The SUV slowed. The tires crunched over broken glass and rotted timber. Miller kicked the door open. The scent of the Gray Zone hit me like a physical blow—the rot of stagnant water, the sour stench of burning trash, and the biting chill of a rain that tasted like chemicals.
Miller grabbed the front of my dress. He dragged me across the leather seat and shoved me out into the dark.
I hit the ground hard. The impact jarred my teeth and sent a fresh wave of agony through my shoulder. The silk of my gown caught on a piece of rusted rebar sticking out of the mud, tearing with a sound like a dying breath. I lay there, my face pressed against the cold, slick grime of the slums.
"Happy birthday, Princess," Miller spat.
The door slammed.
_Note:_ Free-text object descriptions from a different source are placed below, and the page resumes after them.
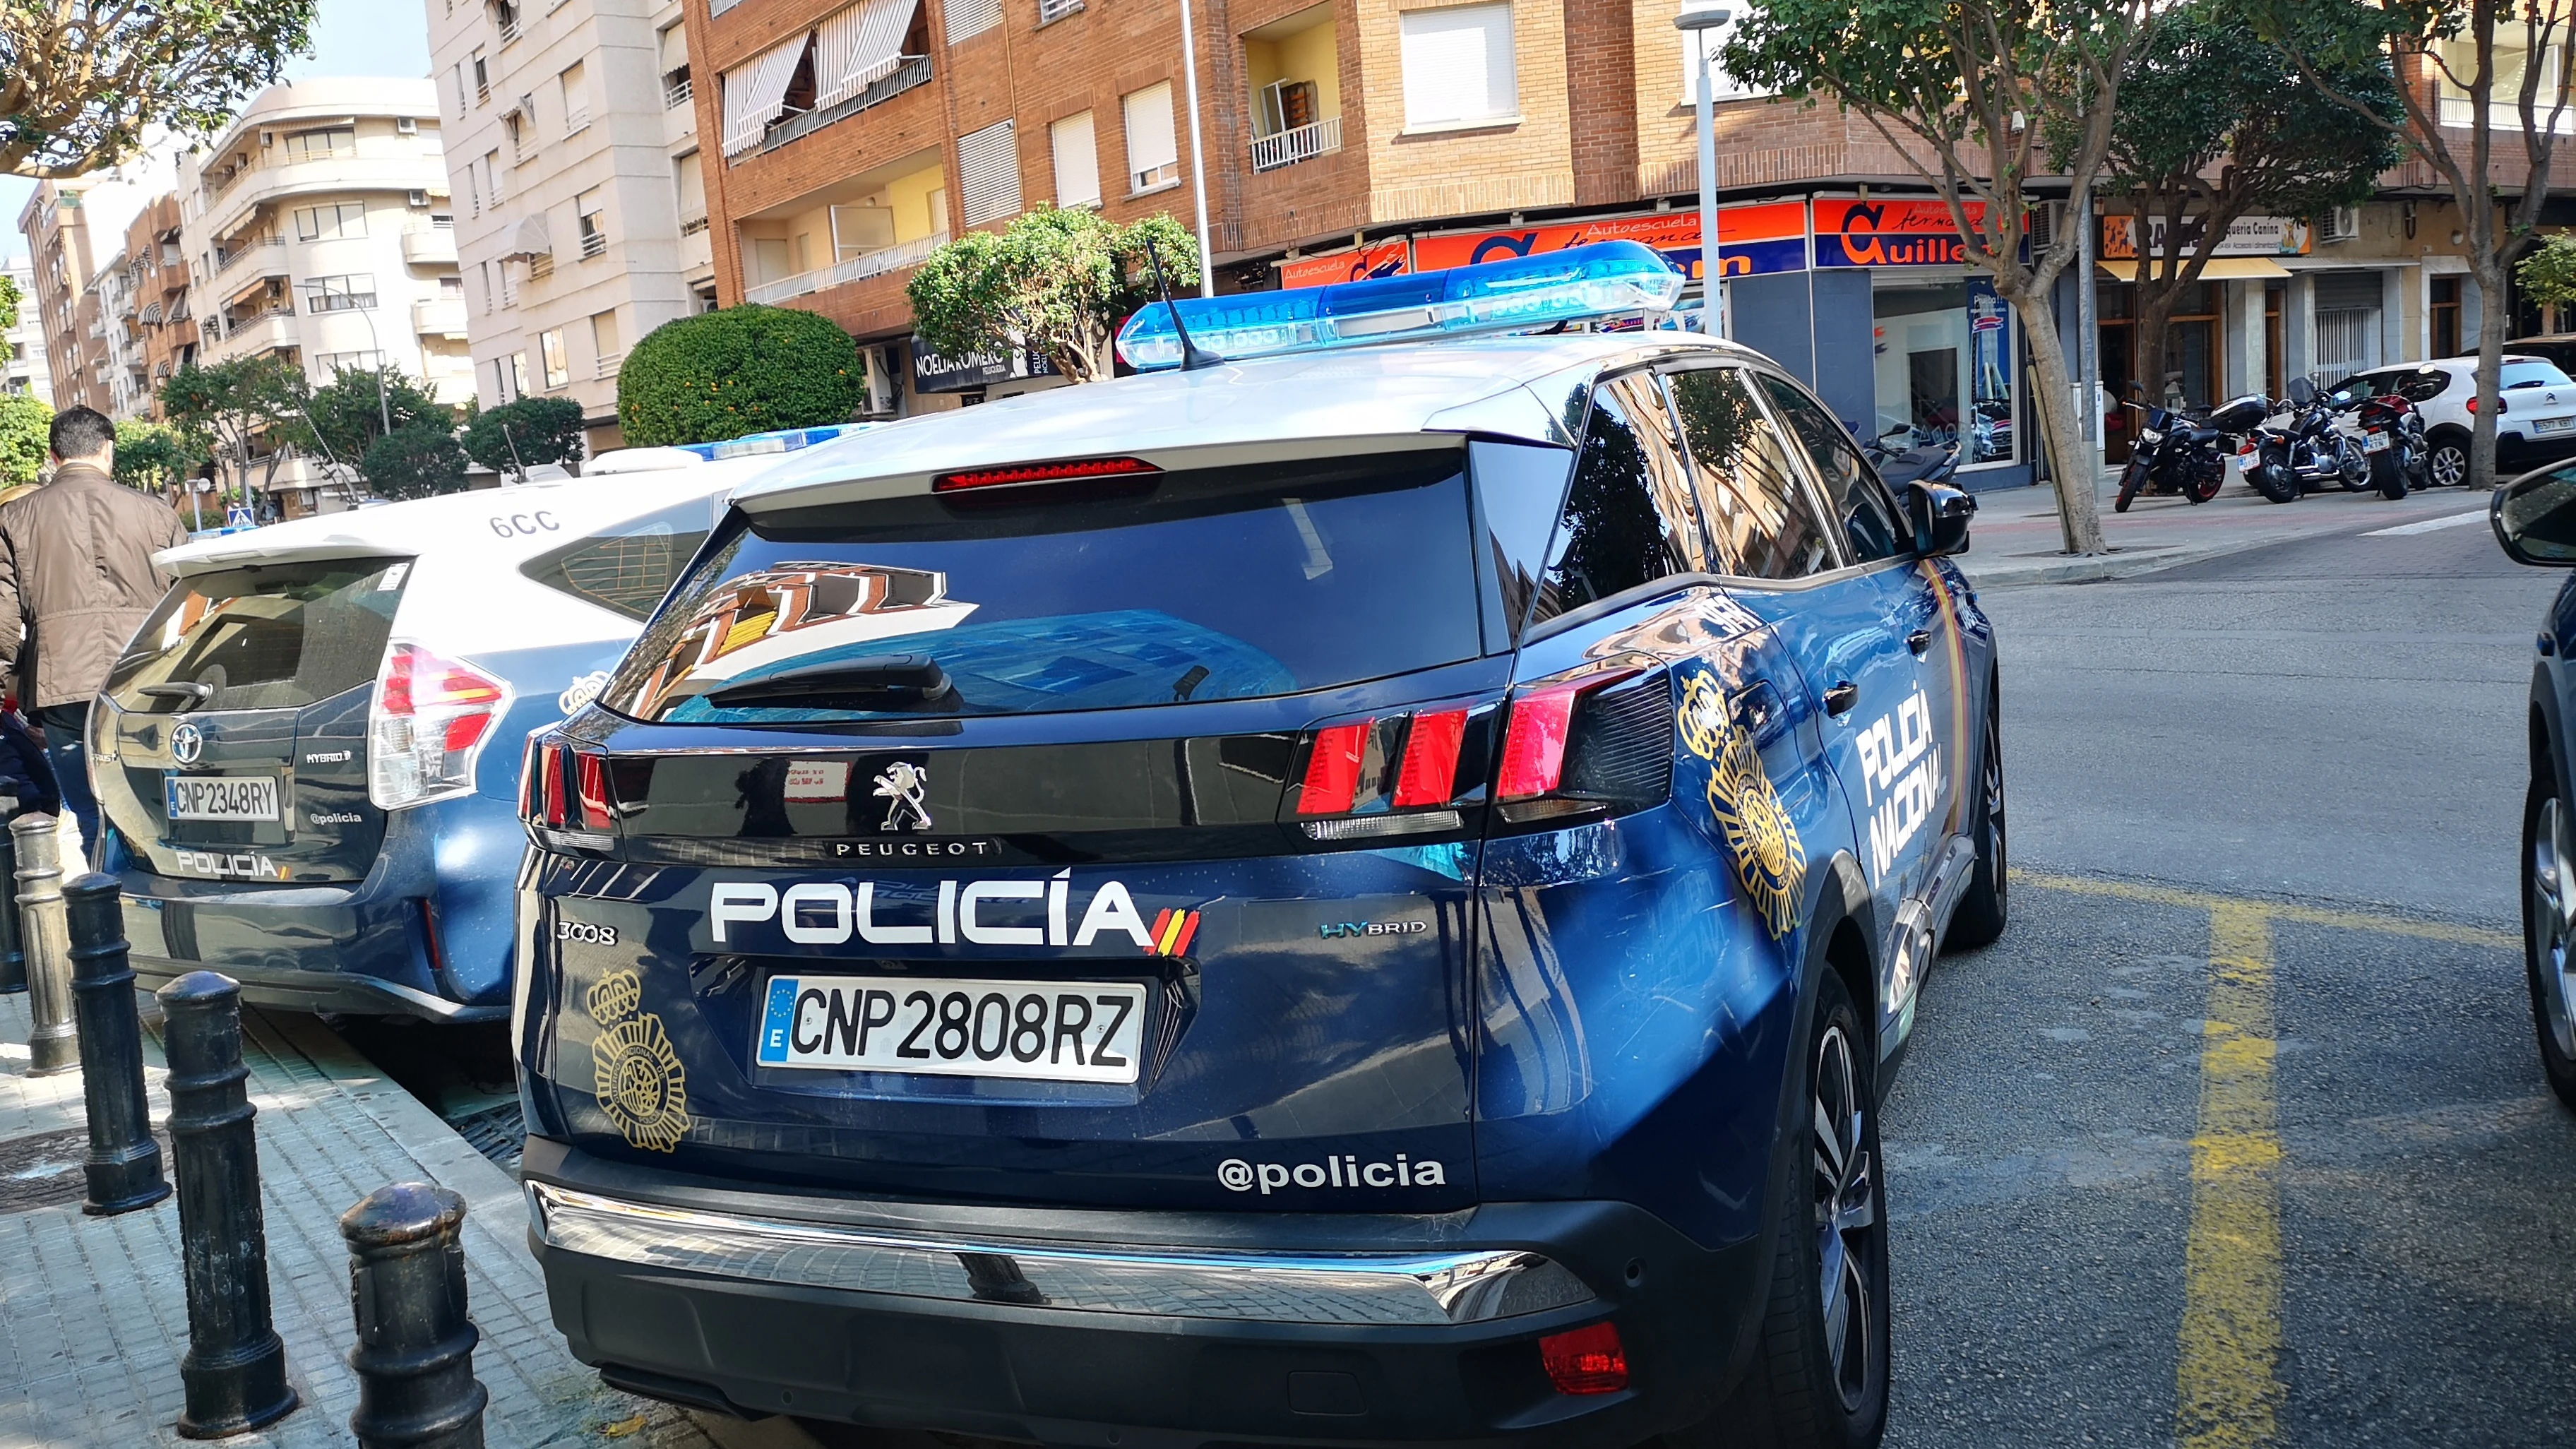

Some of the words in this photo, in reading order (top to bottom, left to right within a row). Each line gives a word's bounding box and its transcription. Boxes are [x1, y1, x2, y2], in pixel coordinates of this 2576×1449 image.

[1586, 215, 1697, 237] Autoescuela
[2226, 222, 2251, 237] queria
[2253, 222, 2279, 234] Canina
[1284, 258, 1345, 280] Autoescuela
[915, 353, 955, 378] NOELIA
[489, 511, 560, 538] 6CC
[176, 782, 273, 815] CNP2348RY
[310, 812, 363, 825] @policia
[1870, 743, 1948, 890] NACIONAL
[836, 842, 988, 857] PEUGEOT
[176, 850, 278, 877] POLICÍA
[710, 867, 1155, 947] POLICÍA
[556, 921, 619, 947] 3008
[1320, 921, 1428, 940] HYBRID
[770, 1029, 782, 1047] E
[790, 989, 1134, 1067] CNP2808RZ
[621, 1046, 655, 1063] NACIONAL
[655, 1064, 667, 1080] DE
[1217, 1153, 1446, 1195] @policia
The SUV peeled away, its tires throwing a spray of oily slush over my hair and shoulders. I watched the red taillights fade into the thick yellow mist of the slums, two glowing eyes retreating into a world that no longer recognized my face.
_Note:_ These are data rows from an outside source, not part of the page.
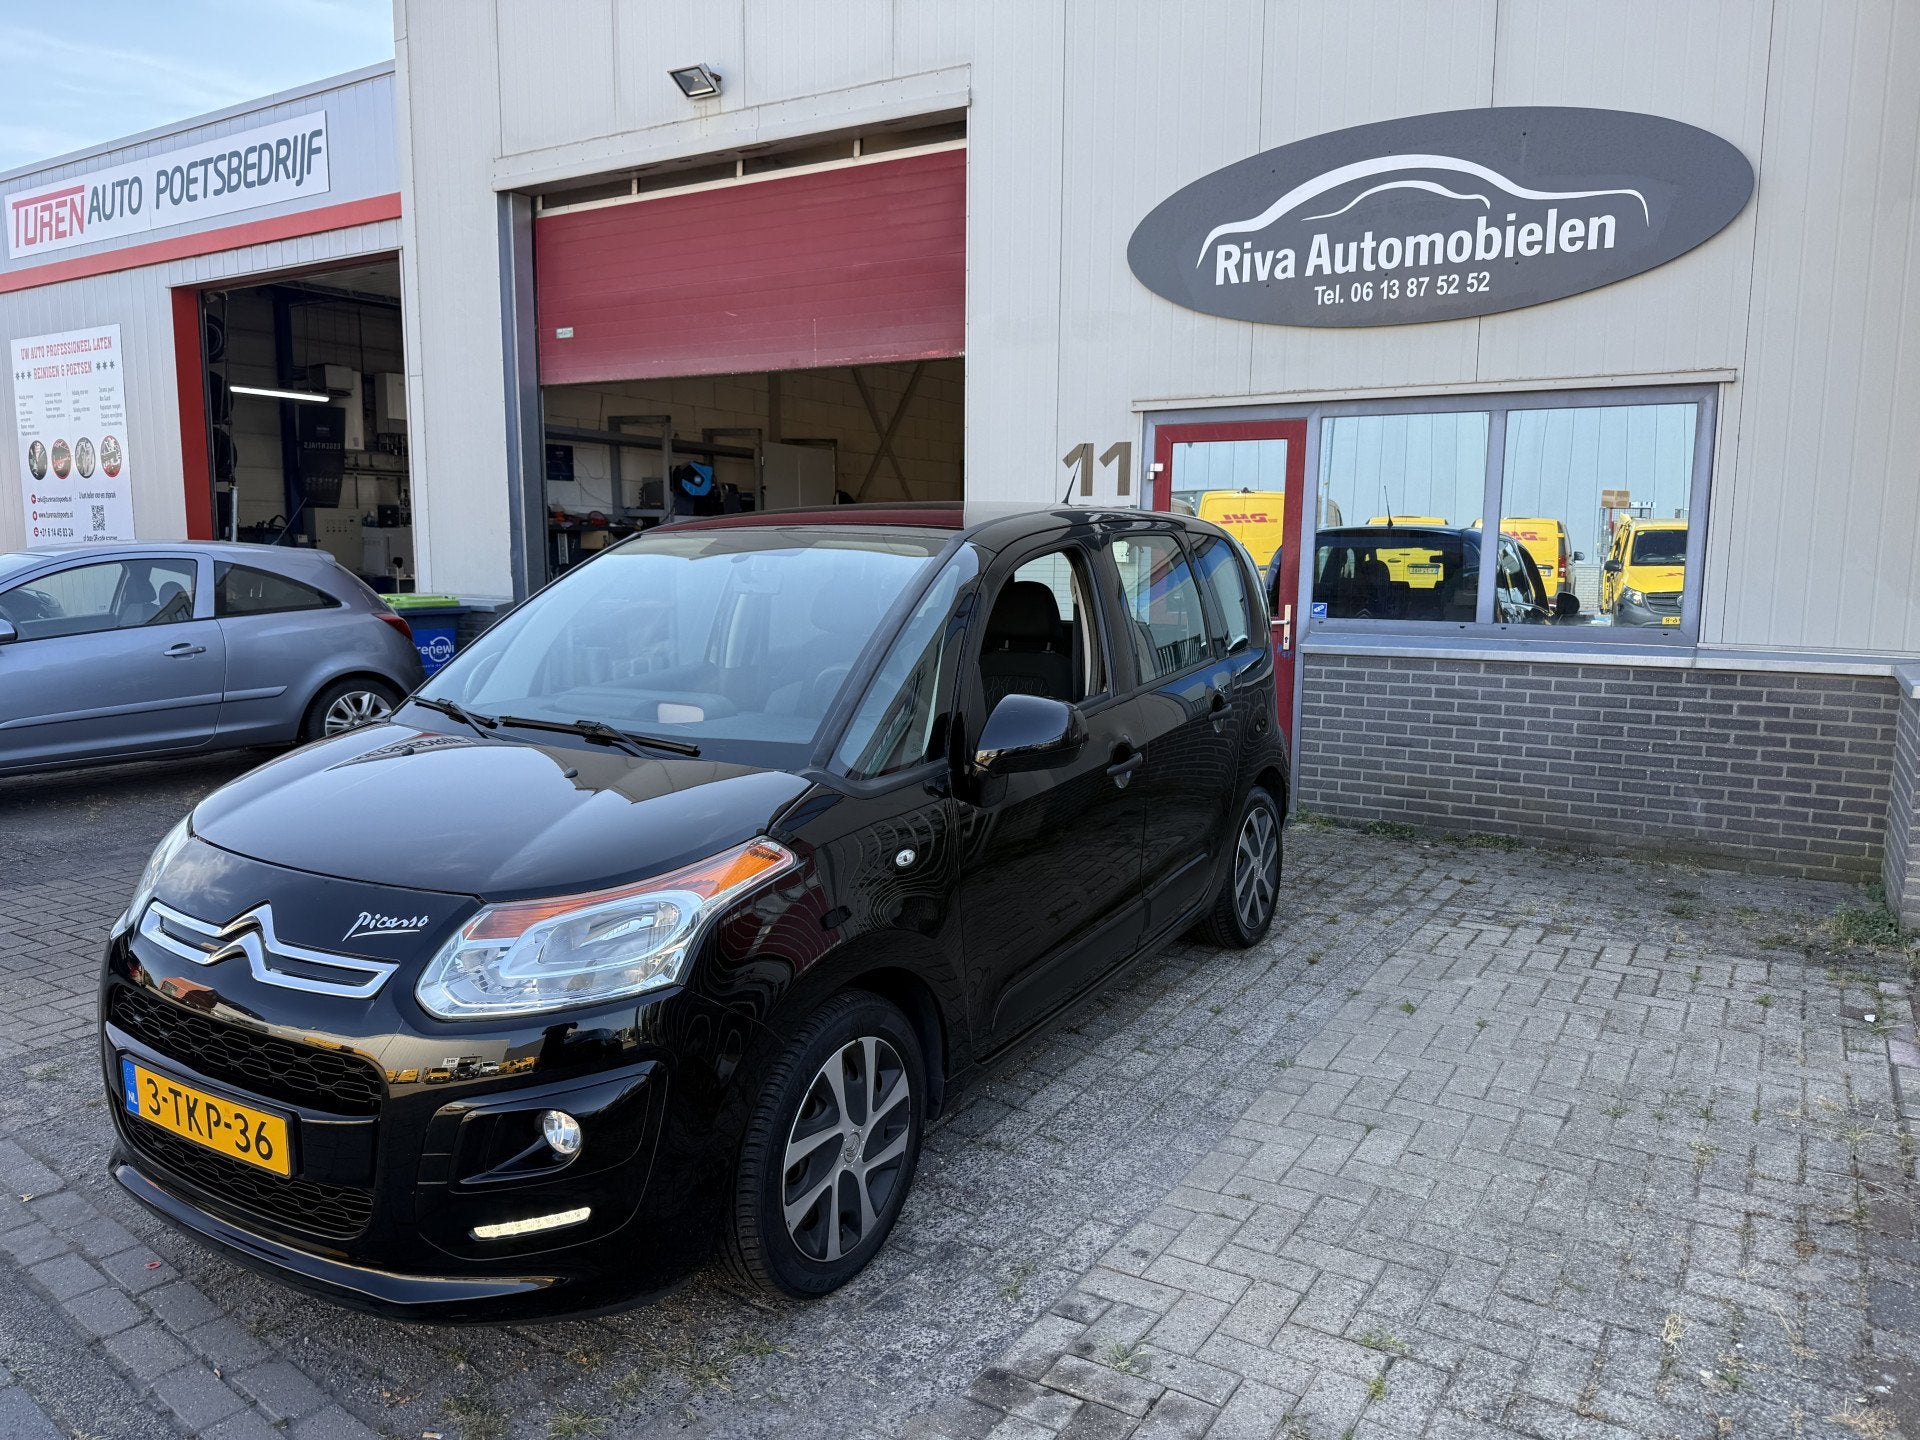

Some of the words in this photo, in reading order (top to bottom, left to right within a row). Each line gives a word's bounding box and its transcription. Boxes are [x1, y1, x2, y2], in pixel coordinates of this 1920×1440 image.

[12, 185, 85, 248] TUREN
[87, 176, 143, 225] AUTO
[155, 128, 323, 210] POETSBEDRIJF
[1216, 242, 1296, 286] Riva
[1304, 208, 1616, 277] Automobielen
[1314, 285, 1345, 306] Tel.
[1350, 282, 1373, 303] 06
[1379, 279, 1400, 301] 13
[1406, 276, 1429, 298] 87
[1436, 273, 1459, 296] 52
[1466, 271, 1490, 293] 52
[31, 345, 45, 359] AUTO
[46, 339, 91, 357] PROFESSIONEEL
[93, 336, 112, 351] LATEN
[1062, 442, 1131, 497] 11
[342, 911, 430, 942] Picasso
[127, 1091, 138, 1105] NL
[146, 1077, 274, 1161] 3-TKP-36
I tried to remember why I was here. I tried to hold onto the image of the boardroom, the feel of the mahogany table under my palms, the way Julian looked when he smiled before the betrayal. I reached for the memory of Mark. I pictured the way he adjusted his cufflinks, the way he looked at me with what I thought was love.
Mark. The name felt like a phantom limb, an ache for something I could no longer touch. I tried to speak his name, to call him back, to ask why he had stepped away while they held the needle to my neck.
My mouth opened, but only the sound of the wind answered.
I closed my eyes. The Lethe-9 surged again, a final, crushing wave of black ink in my veins. My mind sought patterns in the dark, trying to calculate a way out, but the variables were dissolving. The equations of my life were being erased by a cold, relentless hand.
Sabrina. The name flickered in my mind, a dying candle in a windstorm.
Sabrina Valerius. CEO. Daughter. Diamond.
The syllables shattered. They fell away into the mud, washed clean by the acid rain. I reached for the memory of my father's voice, for the warmth of my library, for the weight of the Sovereign power that once made me a god among men.
But there was only the cold sting of the gutter. The girl who had ruled an empire vanished into the trash.
The darkness claimed me completely. As the last spark of the Valerius legacy guttered out, the lights of the distant city seemed to mock me.
Sabrina was dead. Only the meat remained.
I sank into the filth, and the world went black.